Your assignment: Return each record unchanged and drop the images.

◇ ◇ ◇

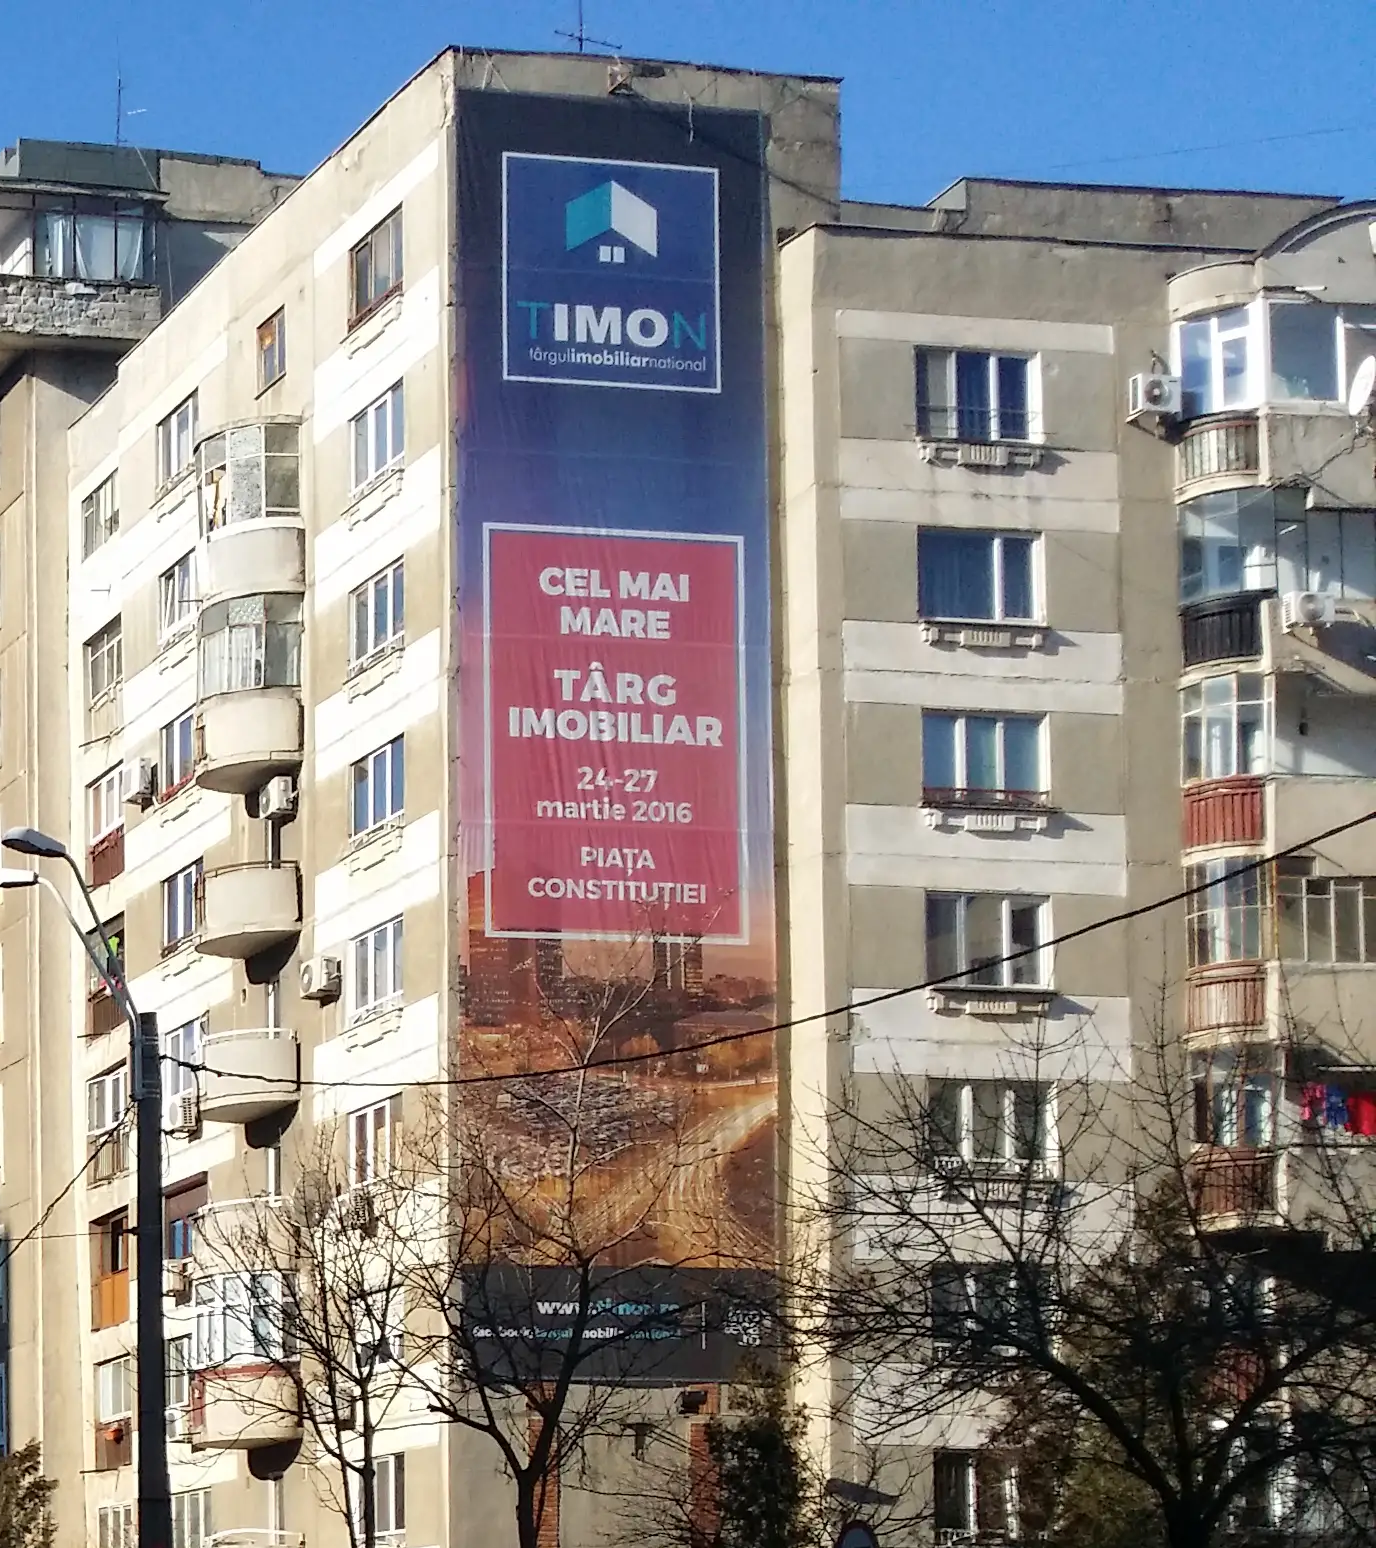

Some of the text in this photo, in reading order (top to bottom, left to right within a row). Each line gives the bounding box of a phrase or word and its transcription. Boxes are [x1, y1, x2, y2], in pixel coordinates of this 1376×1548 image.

[517, 301, 707, 350] TIMON
[538, 567, 690, 602] CEL MAI
[560, 606, 671, 640] MARE
[553, 661, 677, 707] TÂRG
[509, 707, 723, 747] IMOBILIAR
[577, 766, 658, 793] 24-27
[537, 797, 693, 824] martie 2016

◇ ◇ ◇

Written solution:
Some of the text in this photo, in reading order (top to bottom, left to right within a row). Each line gives the bounding box of a phrase or word and its transcription. Boxes are [x1, y1, x2, y2], in pixel coordinates of this 1376×1548 image.

[517, 301, 707, 350] TIMON
[538, 567, 690, 602] CEL MAI
[560, 606, 671, 640] MARE
[553, 661, 677, 707] TÂRG
[509, 707, 723, 747] IMOBILIAR
[577, 766, 658, 793] 24-27
[537, 797, 693, 824] martie 2016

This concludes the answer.